確定申告書があれば第一表の26欄の金額を記載すると良いでしょう。

分からなければ空欄でもOKです。

確定申告書




2.小規模企業共済の加入シミュレーション結果の見方

▼共済金額と節税額の試算結果が出てきます。

小規模企業共済2

(1) 共済金額

共済金額というのが毎月支払った結果、最終的にもらえる金額です。

  1. 共済金A(事業廃止等):12,687,600円
  2. 共済金B(老齢給付等):12,187,800円

もらう原因によって2種類に分かれます。

フリーランスの場合は、

  1. 共済金A:個人事業を廃業した場合、死亡の場合
  2. 共済金B:65歳以上で180か月以上掛金を払い込んだ場合

法人の経営者は、

  1. 共済金A:法人が解散した場合
  2. 共済金B:病気・怪我や65歳以上のため役員を退任した場合、死亡の場合、65歳以上で180か月以上掛金を払い込んだ場合

にもらうことができます。

(2) 節税効果

掛金を払うと小規模企業共済等掛金控除という控除の対象になり、所得税と住民税が節税できます。

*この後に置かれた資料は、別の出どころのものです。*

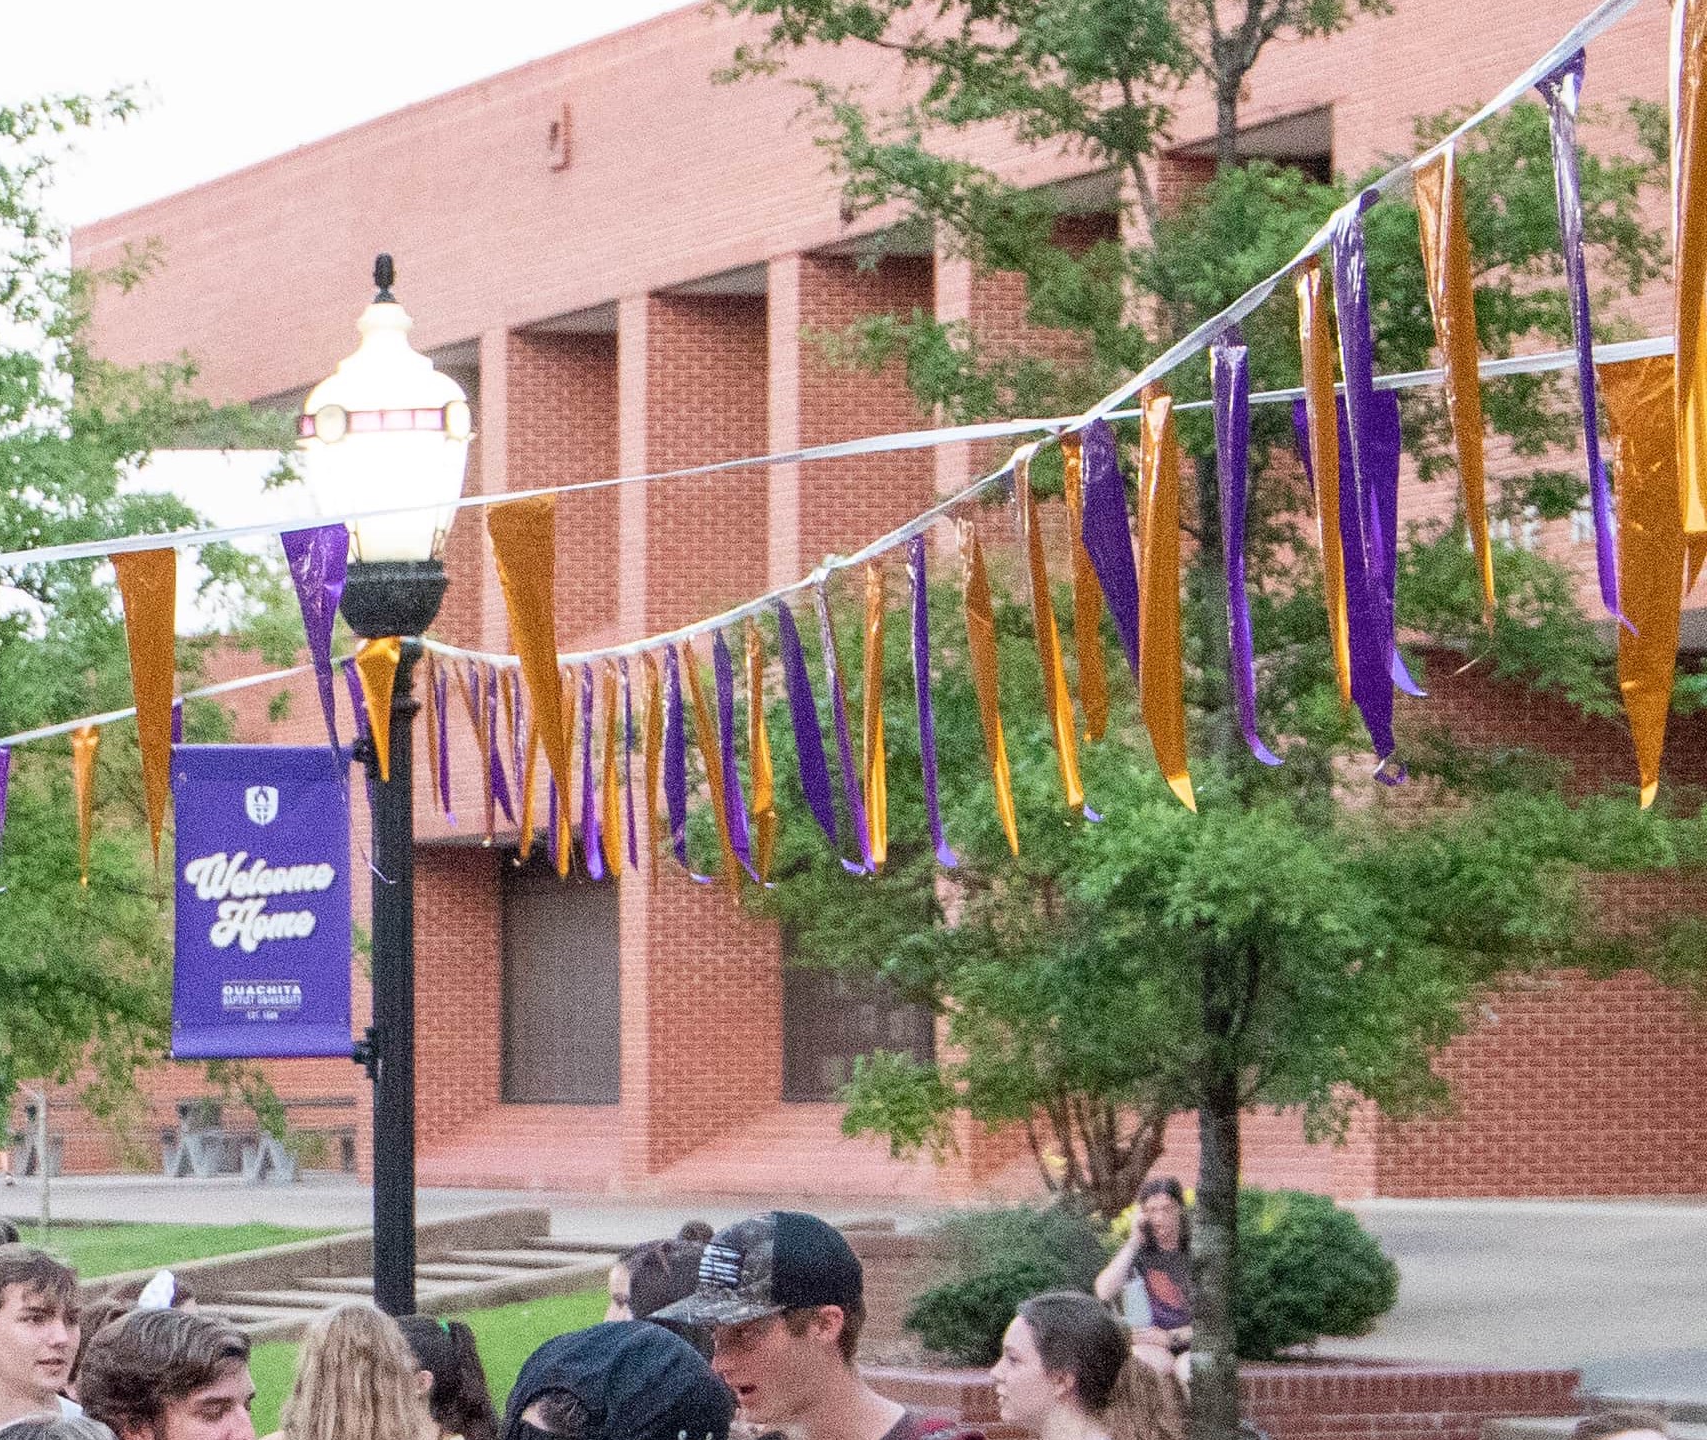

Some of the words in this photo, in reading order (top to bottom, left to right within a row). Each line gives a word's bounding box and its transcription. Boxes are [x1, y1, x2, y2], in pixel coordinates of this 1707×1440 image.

私の場合は年間36万円を払うので、年間109,500円の節税効果があるようです。

そのため、36万円-11万円=25万円の負担で退職金を積立てできることになります。

(3) 実質返戻率

  1. 共済金A(事業廃止等):174%
  2. 共済金B(老齢給付等):167%

実質返戻率=「もらえる金額÷(支払う掛金の総額-節税額)」で計算されます。

2047年までの掛金の総額は 10,470,000円、節税額は3,184,625円になるので、

12,687,600円÷(10,470,000円-3,184,625円)

=12,687,600円÷7,285,375円

=174%

となります。

728万円負担して、1,268万円が返ってくるということですね。

なお、共済金額は一括ではなく分割(年金)でも受け取ることもできます。

  • 共済金A:月222,033円(10年分割)、152,251円(15年分割)
  • 共済金B:月213,287円(10年分割)、146,254円(15年分割)




3.小規模企業共済ではなく運用した場合はどうなる?

さて、加入シミュレーションをしたものの、これが良いのか悪いのかを判断するのは難しいので、ふつうに運用した場合と比べてみましょう。

(1) 想定利回り1%

運用01

野村證券 | マネーシミュレーター「みらい電卓」~積立編(資産運用シミュレーション)」で計算してみると、毎月3万円ずつ30年間で1,080万円の積み立てになり、1%で運用すると1,258万円になります。

NISAもあるのでもらうときの税金を考慮していませんが、積み立てている間は節税にはならないので、

1,258万円÷1,080万円=116%

の実質返戻率となります。

(2) 想定利回り3%

運用02

もし3%で30年間運用できるのであれば、1,736万円になります。

1,736万円÷1,080万円=160%

の実質返戻率となります。

こう考えると、運用で利益を得るのもなかなか大変ですね。




まとめ

小規模企業共済は簡単に引き出すことができないので、退職金の準備をするのに向いています。

共済金額をもらうときは退職所得控除という仕組みを利用できる(今のところは)ので、早く始めた方が控除の枠が大きくなります。

似たような商品でiDeCoもありますが、個人事業を廃止したり会社を解散した場合でも受け取ることができる点は小規模企業共済のメリットと言えるでしょう。

月に1万円でもいいので今後のために積み立ててはいかがでしょうか。